Homilię wygłosił ksiądz proboszcz Janusz Lipski. Cytując słowa piosenki Czesława Niemena „Dziwny jest ten świat” podkreślił, że to co się zadziało to rezultat tego, że nie potrafimy się różnić, nie potrafimy się bohatersko miłować, że różniąc się gardzimy sobą, że brakuje nam tolerancji.

Ksiądz proboszcz Parafii św. Wojciecha Janusz Lipski

– To co teraz zbieramy, to owoc tego, że nie potrafimy korzystać z daru wolności. Kiedy nam tej wolności brakowało, potrafiliśmy się jednoczyć, być razem. Kiedy tę wolność mamy, dzielimy się, bo jesteśmy zachłanni i chcemy wolność przyjmować jako możliwość robienia rzeczy niegodnych. Być wolnym to znaczy mieć wybór, aby wybierać dobro, a odrzucać zło. Być wolnym to troszczyć się o swoje wnętrze, o swoje serce i sumienie. Trzeba umieć stanąć ponad tym wszystkim, ponad podziałami, ponad różnicami związanymi z przekonaniami politycznymi, z wyznawaną wiara i widzieć dobro wspólne. To jest wartość, której potrzebujemy. Szacunek do drugiego człowieka, abyśmy umieli pokonać nienawiść w sobie i zasypać to wszystko, co uczyniły w nas wszystkie podziały – powiedział ksiądz proboszcz. 

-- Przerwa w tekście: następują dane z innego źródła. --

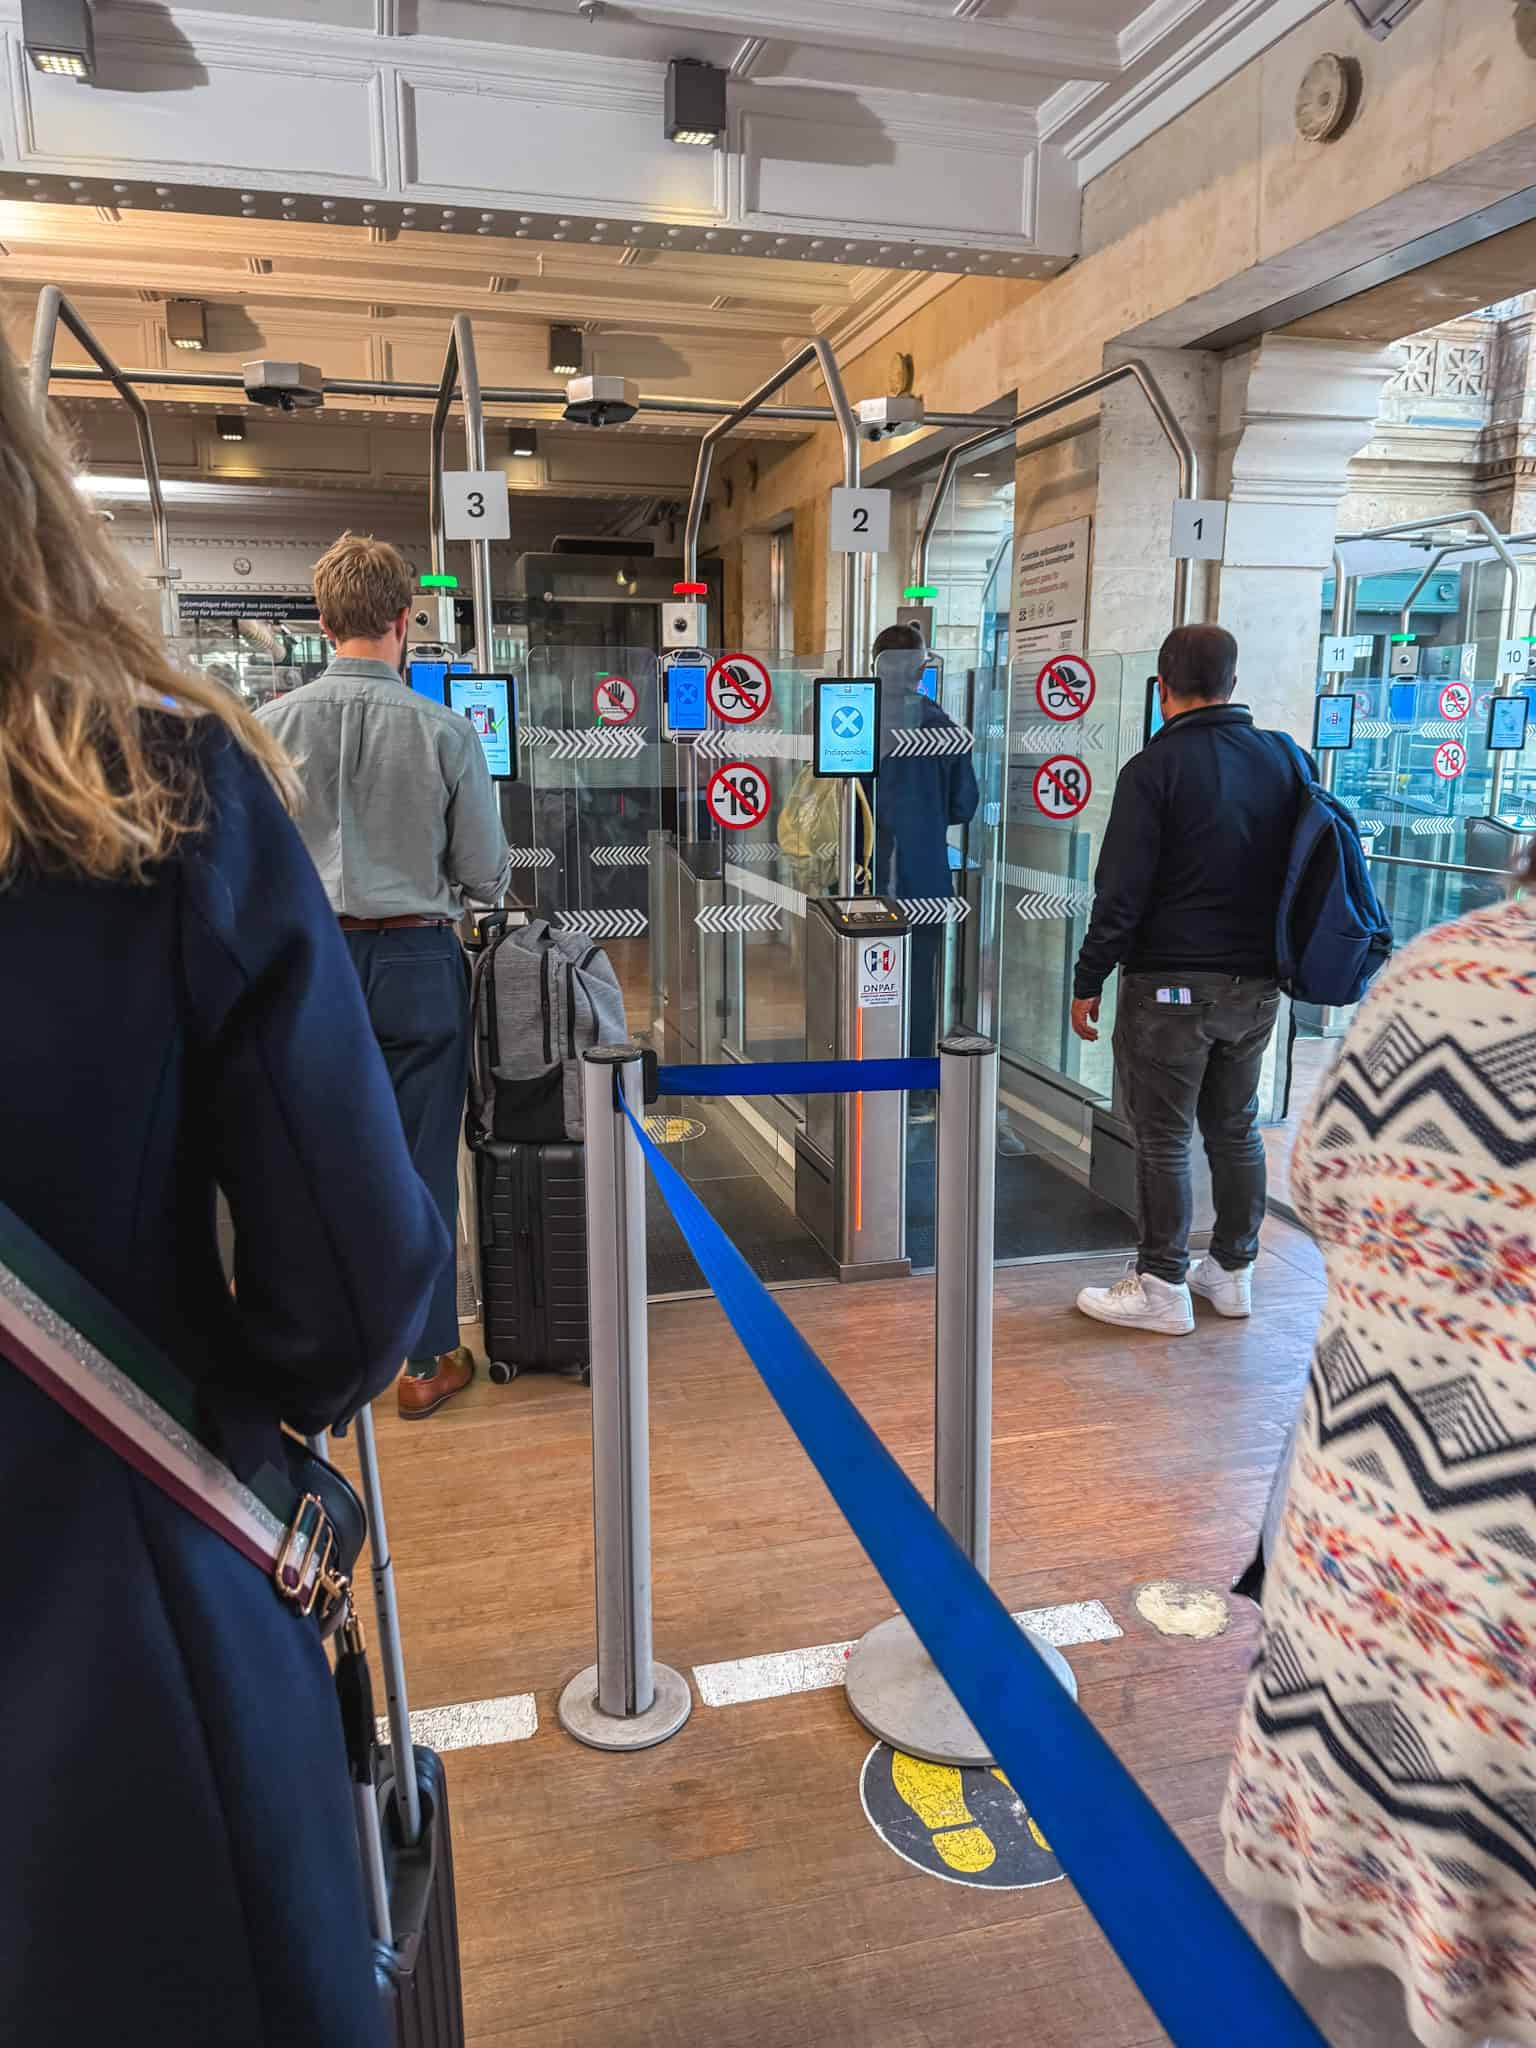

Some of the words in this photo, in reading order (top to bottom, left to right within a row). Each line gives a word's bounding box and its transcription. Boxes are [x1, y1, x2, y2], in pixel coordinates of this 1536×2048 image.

[467, 492, 485, 518] 3
[852, 508, 869, 532] 2
[1193, 518, 1204, 540] 1
[1332, 648, 1344, 661] 11
[1507, 650, 1522, 663] 10
[1438, 749, 1460, 770] -18
[714, 776, 759, 816] -18
[1039, 768, 1081, 806] -18
[863, 984, 896, 993] DNPAF

Obyśmy wyciągnęli wnioski z tej lekcji, którą otrzymaliśmy apelował dalej ks. Janusz Lipski  –  „Dziwny jest ten świat, lecz ludzi dobrej woli jest więcej i mocno wierzę w to, że ten świat nie zginie nigdy dzięki nim(…) przyszedł już czas, najwyższy czas, nienawiść zniszczyć w sobie” – zakończył proboszcz parafii św. Wojciecha.

Po Mszy św. wielu jej uczestników wpisało się do Księgi Kondolencyjnej poświęconej śp. Pawłowi Adamowiczowi. Zgodnie z życzeniem Rodziny Zmarłego mieszkańcy Starogardu Gdańskiego złożyli ofiarę na rzecz Hospicjum im. Ks. Dutkiewicza w Gdańsku.